RECORDS SHOWN:
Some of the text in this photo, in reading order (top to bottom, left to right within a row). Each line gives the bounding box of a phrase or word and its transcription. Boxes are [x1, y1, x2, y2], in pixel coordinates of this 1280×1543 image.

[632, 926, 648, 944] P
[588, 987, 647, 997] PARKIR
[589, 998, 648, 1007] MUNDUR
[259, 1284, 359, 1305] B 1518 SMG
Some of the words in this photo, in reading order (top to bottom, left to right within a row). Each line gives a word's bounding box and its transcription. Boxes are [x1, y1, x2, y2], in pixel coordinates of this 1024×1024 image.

---

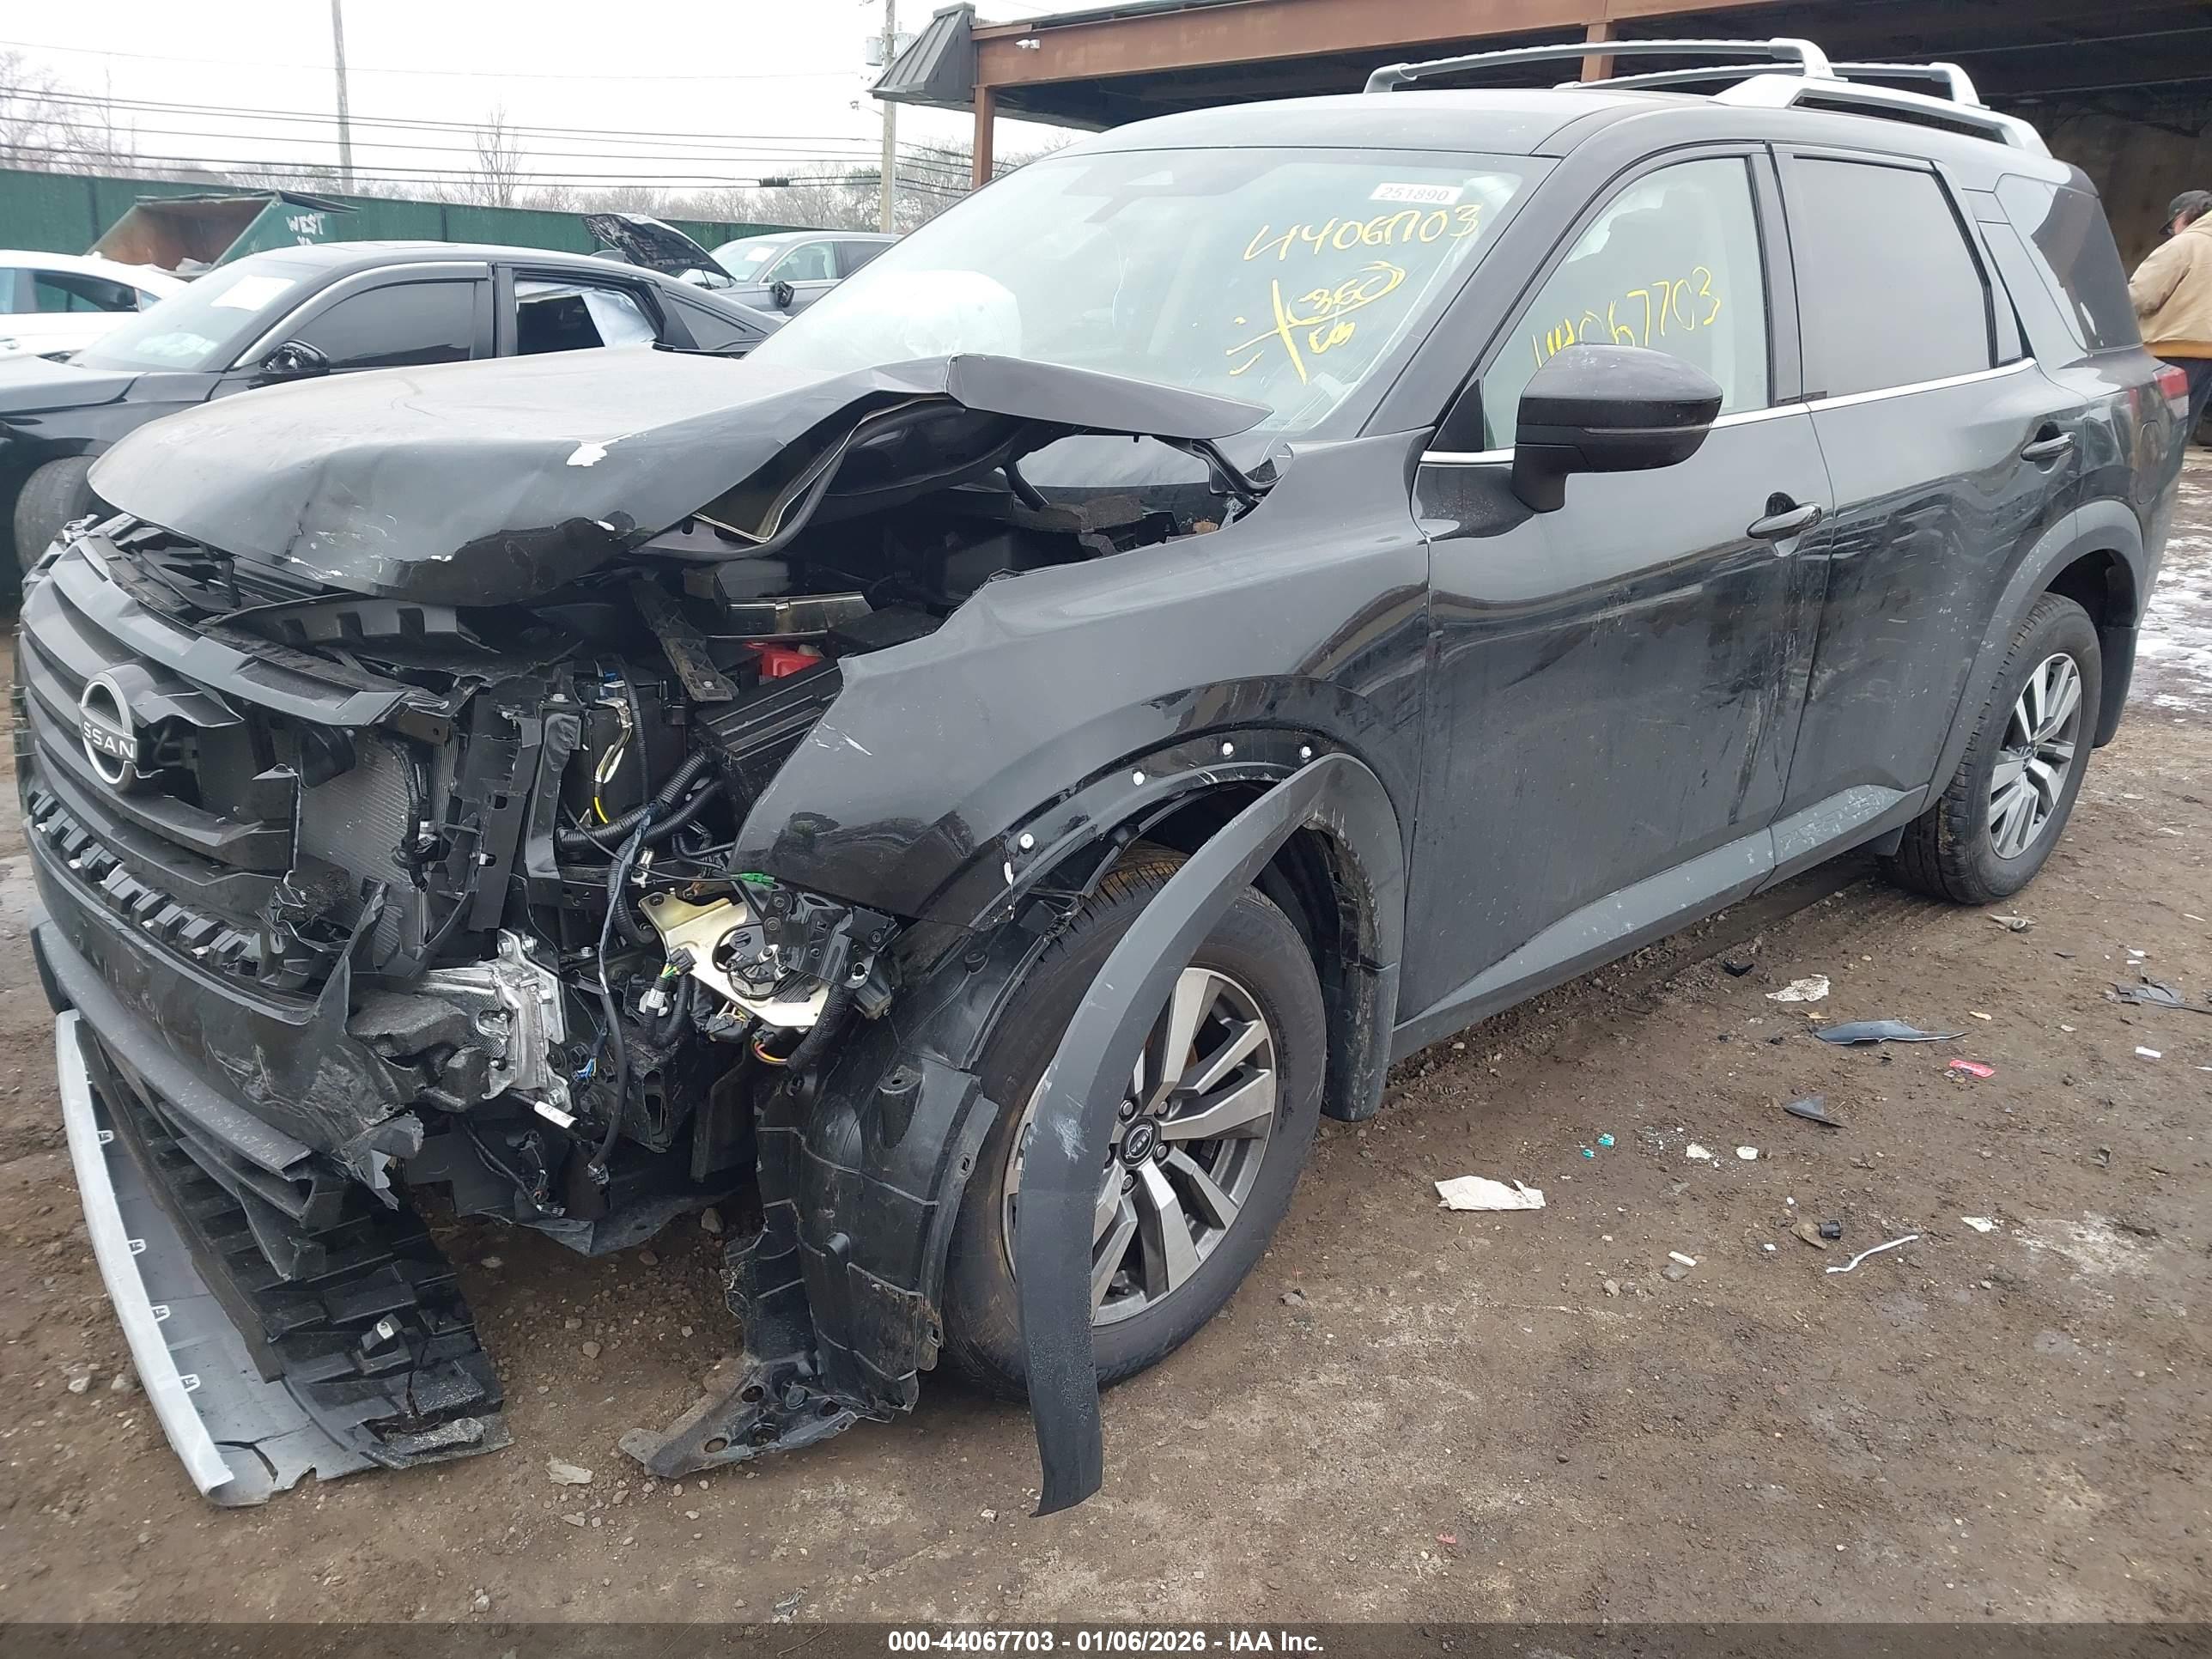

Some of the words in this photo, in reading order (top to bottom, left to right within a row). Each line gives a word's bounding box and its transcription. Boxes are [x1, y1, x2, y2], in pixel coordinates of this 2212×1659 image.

==

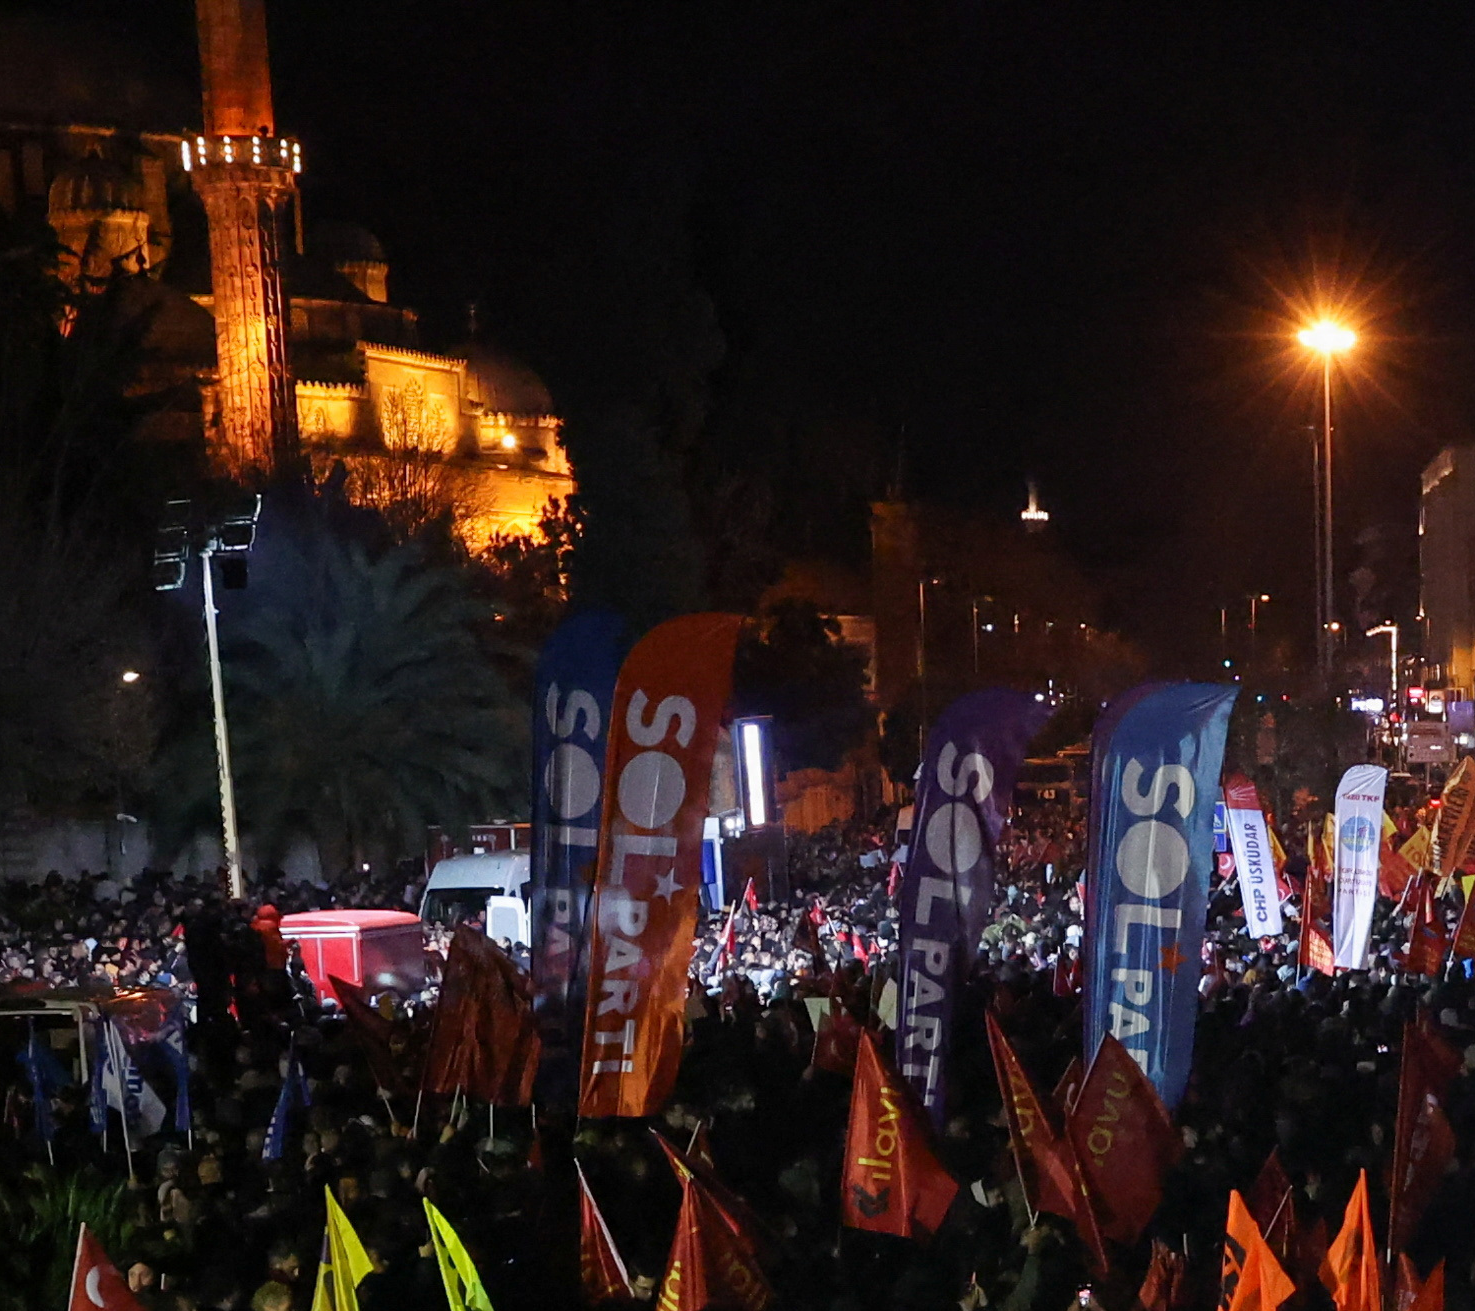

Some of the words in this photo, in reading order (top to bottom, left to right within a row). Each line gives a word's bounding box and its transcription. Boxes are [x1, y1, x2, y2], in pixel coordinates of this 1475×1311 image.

TRY IT: Among the lines of the data, identify those with the word "words". Copy each of them.

YOUR SOLUTION:
Some of the words in this photo, in reading order (top to bottom, left to right within a row). Each line gives a word's bounding box and its transcription. Boxes are [x1, y1, x2, y2], in pixel coordinates of this 1024×1024 image.
Some of the words in this photo, in reading order (top to bottom, left to right within a row). Each line gives a word's bounding box and its transcription. Boxes are [x1, y1, x2, y2], in pixel coordinates of this 2212×1659 image.
Some of the words in this photo, in reading order (top to bottom, left to right within a row). Each line gives a word's bounding box and its transcription. Boxes are [x1, y1, x2, y2], in pixel coordinates of this 1475×1311 image.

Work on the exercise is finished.